**What you should do**: When you repeat the entries, reproduce each line exactly and omit every picture.

Available data Block Start

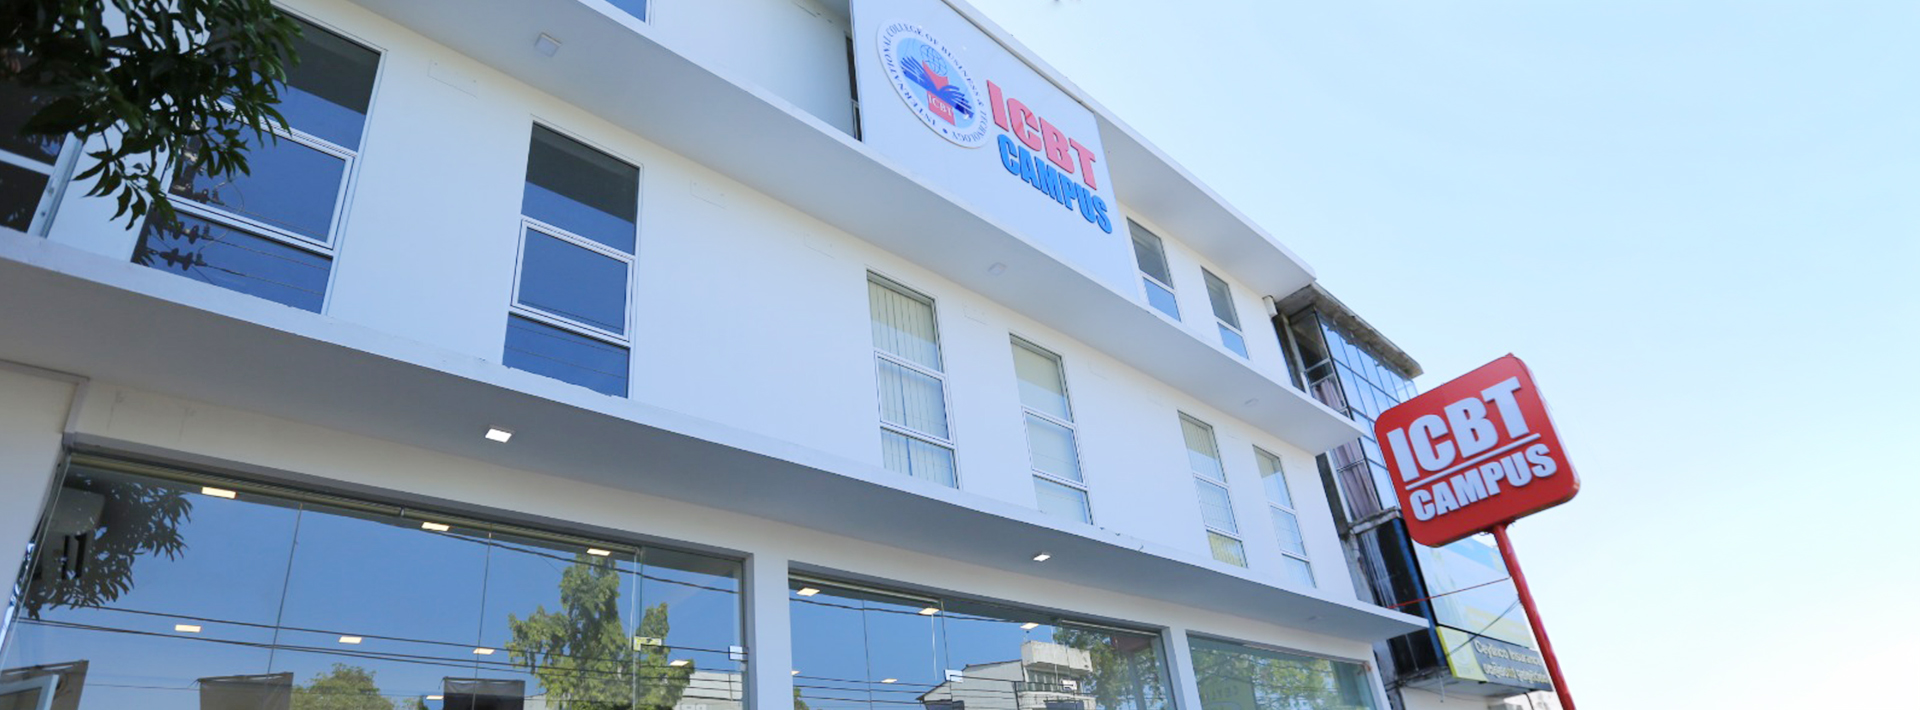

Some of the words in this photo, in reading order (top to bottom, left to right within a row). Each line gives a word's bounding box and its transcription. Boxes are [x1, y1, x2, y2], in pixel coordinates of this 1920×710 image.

[886, 23, 924, 37] COLLEGE
[882, 35, 937, 126] INTERNATIONAL
[928, 94, 953, 117] ICBT
[941, 45, 980, 97] BUSINESS
[951, 110, 989, 143] TECHNOLOGY
[986, 79, 1097, 191] ICBT
[997, 133, 1113, 235] CAMPUS
[1386, 376, 1530, 483] ICBT
[1409, 443, 1558, 522] CAMPUS

Available data Block End

**Expected answer**:
Some of the words in this photo, in reading order (top to bottom, left to right within a row). Each line gives a word's bounding box and its transcription. Boxes are [x1, y1, x2, y2], in pixel coordinates of this 1920×710 image.

[886, 23, 924, 37] COLLEGE
[882, 35, 937, 126] INTERNATIONAL
[928, 94, 953, 117] ICBT
[941, 45, 980, 97] BUSINESS
[951, 110, 989, 143] TECHNOLOGY
[986, 79, 1097, 191] ICBT
[997, 133, 1113, 235] CAMPUS
[1386, 376, 1530, 483] ICBT
[1409, 443, 1558, 522] CAMPUS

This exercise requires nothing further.